Asylum seeker boat capsizes off Australia; 90 missing
Canberra: A boat carrying about 200 people capsized south of Indonesia and scores were feared drowned on Thursday in an apparent attempt to reach Australia to seek asylum. Indonesian and Australian navies launched efforts to rescue survivors.
An Australian Navy patrol boat and three cargo ships had rescued 110 survivors by late Thursday and were taking them 200 kilometres south to the Australian territory of Christmas Island, Australian Maritime Safety Authority spokeswoman Jo Meehan said.
She declined to comment on any bodies discovered. She said the patrol boat would return to the scene of the sinking to continue the search for survivors through the night.
The boat capsized about halfway between Christmas Island and Indonesia, Meehan said.
It was not immediately clear where the passengers were from.
Christmas Island, in the Indian Ocean, is closer to Indonesia than the Australian mainland. It is a popular target for a growing number of asylum seekers, many from Iran, Afghanistan and Sri Lanka, who attempt to reach Australia on overcrowded fishing boats from Indonesia sometimes with deadly consequences.
"There's about 40 on the hull and the rest are in the water," Western Australia state Police Commissioner Karl O'Callaghan said earlier. "Some of the very early reports suggest that up to 75 people may have drowned, but I do stress that they're unconfirmed at this stage."
O'Callaghan said bodies had been seen in the water. "We can't confirm that they've died, but it's likely," he said.
Western Australian police were being sent to Christmas Island to attempt to identify bodies, he said.
Gagah Prakoso, a spokesman for Indonesia's Search and Rescue Agency, said two Indonesian warships had been dispatched to scene.

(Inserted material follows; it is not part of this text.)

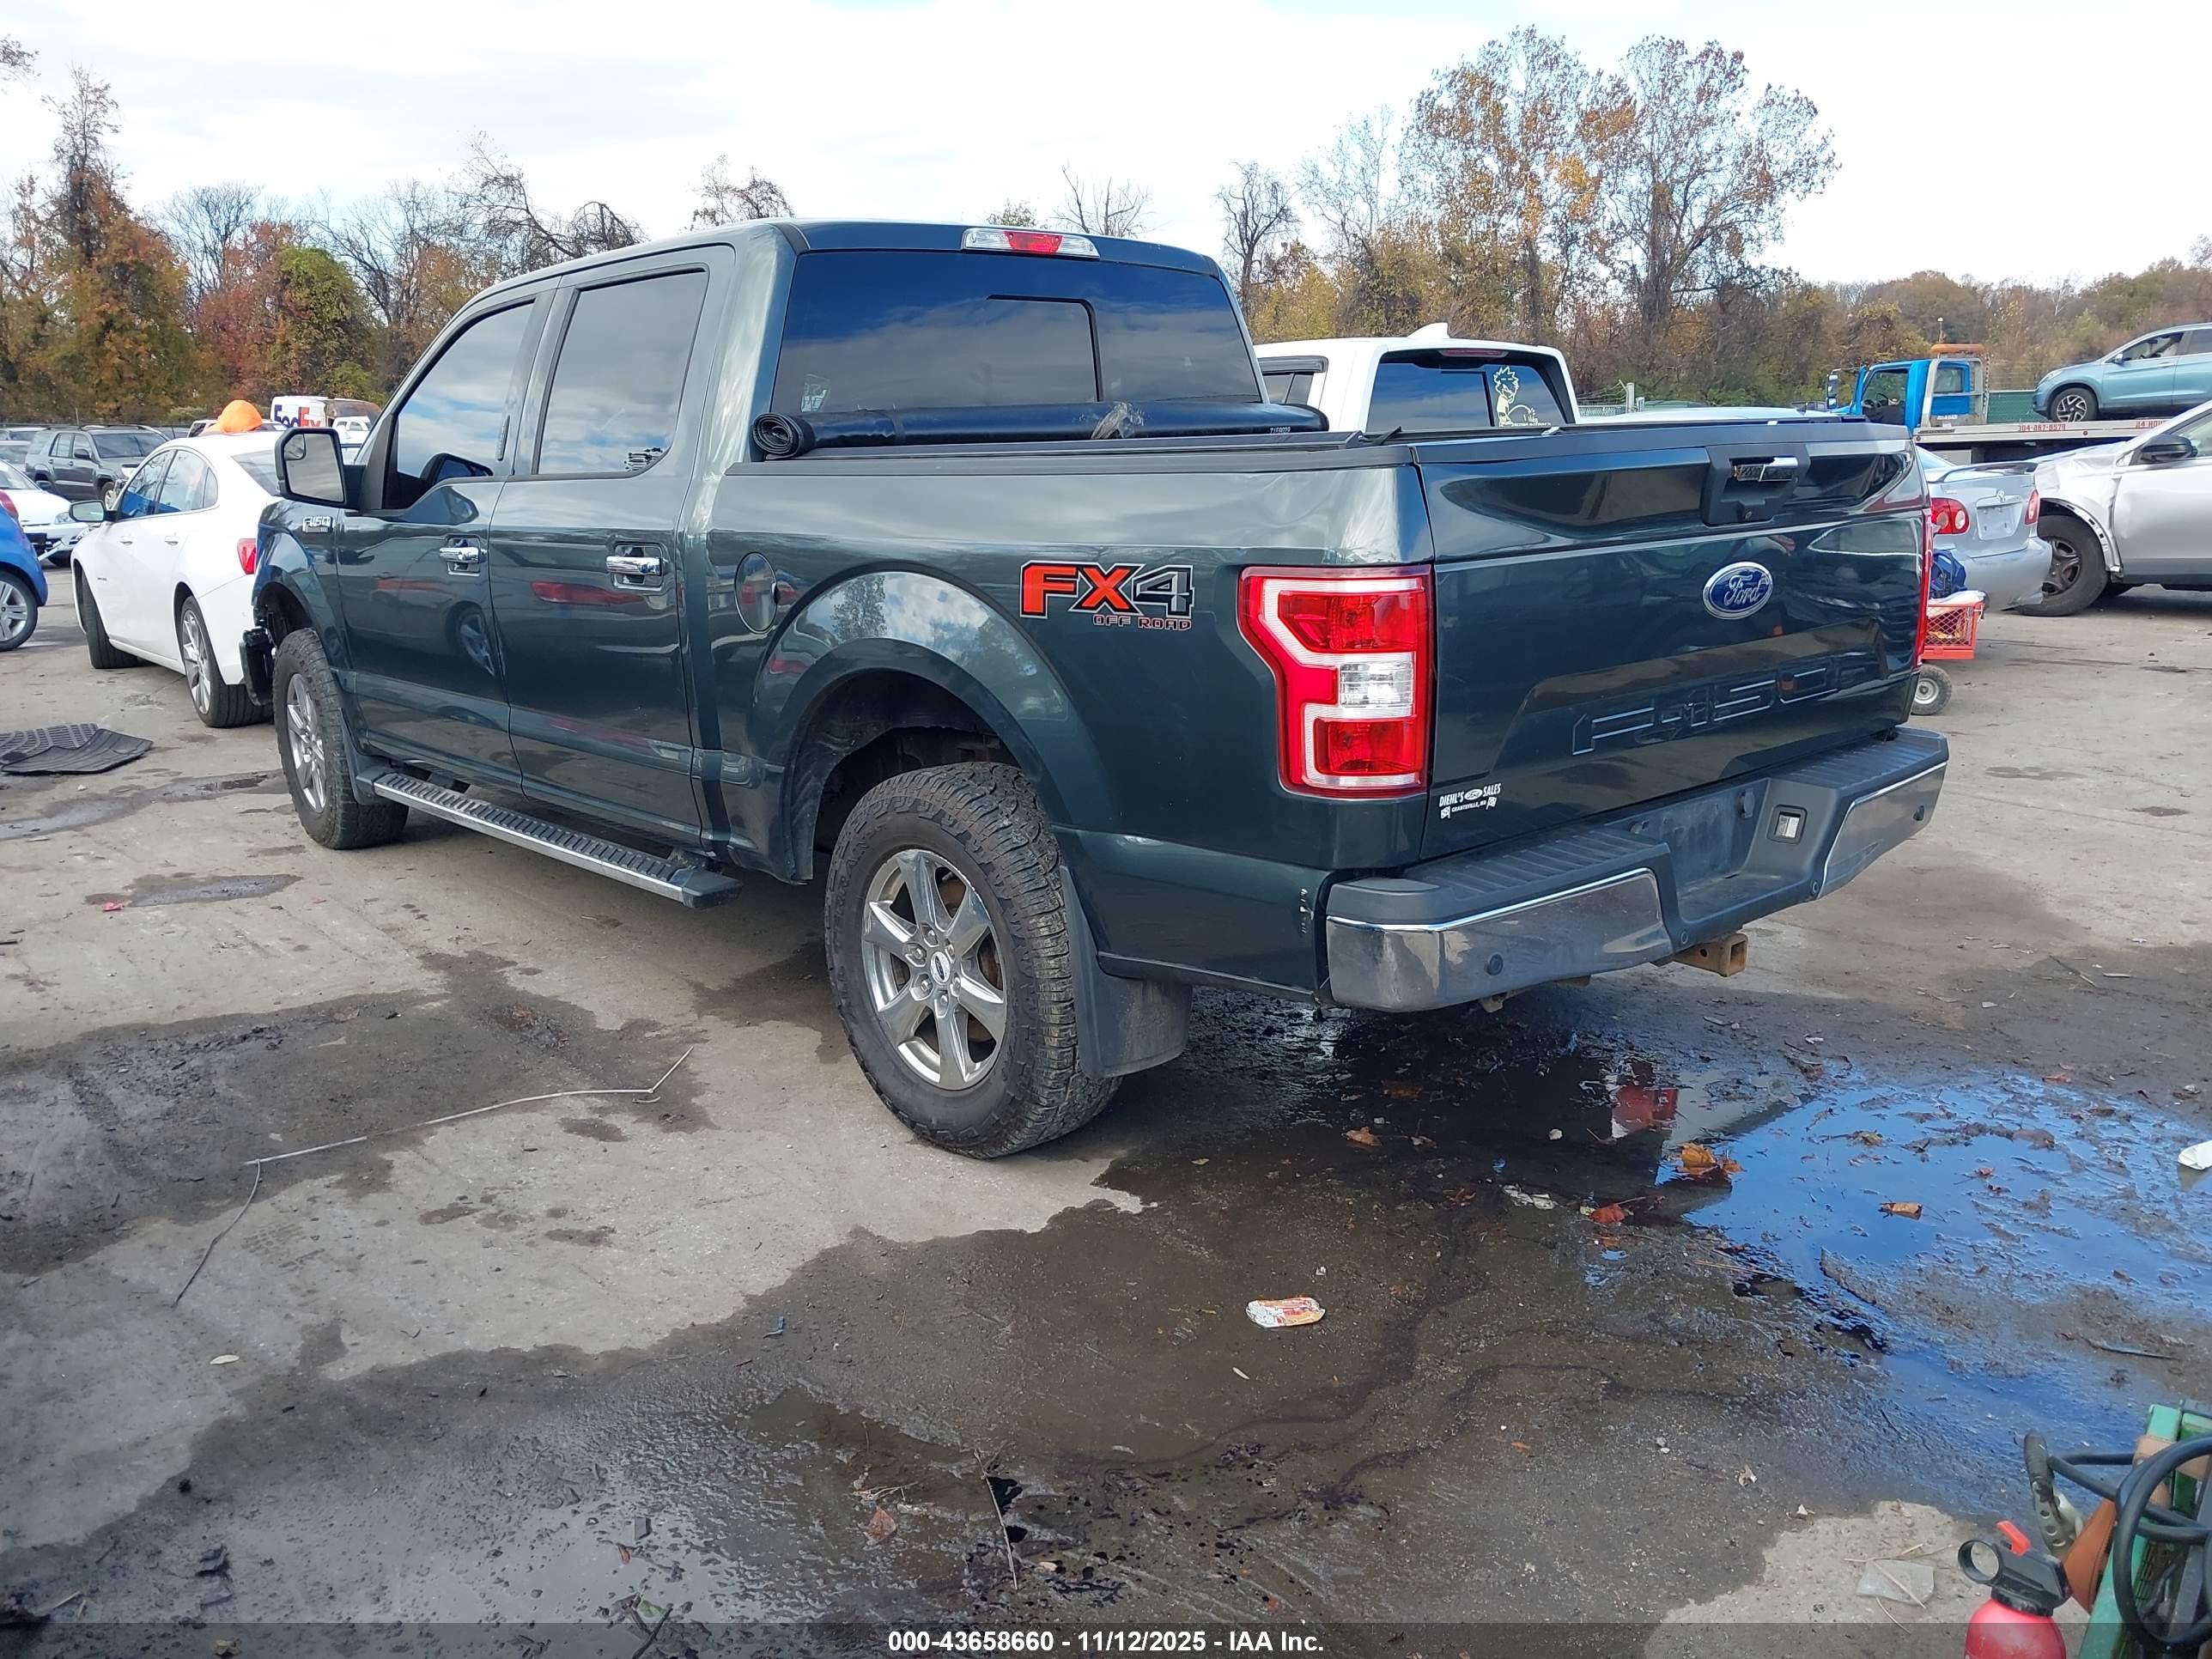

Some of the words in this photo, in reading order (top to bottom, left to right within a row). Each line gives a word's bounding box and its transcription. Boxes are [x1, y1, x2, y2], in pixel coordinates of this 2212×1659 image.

He said Indonesia has sent notice to all cargo ships passing near the area to help, but he was not sure whether any had reached the disaster scene.
Prakoso said the boat was reportedly carrying 206 people, but added that he could not yet say their country of origin or from where they departed.
Australia sent a defense aircraft equipped with life rafts, an Australian Customs Service surveillance aircraft and two navy patrol boats.
Australian Prime Minister Julia Gillard, who is seeking ways to stem the flow of asylum seekers to Australia, discussed the apparent tragedy with Indonesian President Susilo Bambang Yudhoyono in Brazil where they are both attending a United Nations environment summit.
"At this stage, details are sketchy but what is apparent is there has been a large loss of life at sea," she said.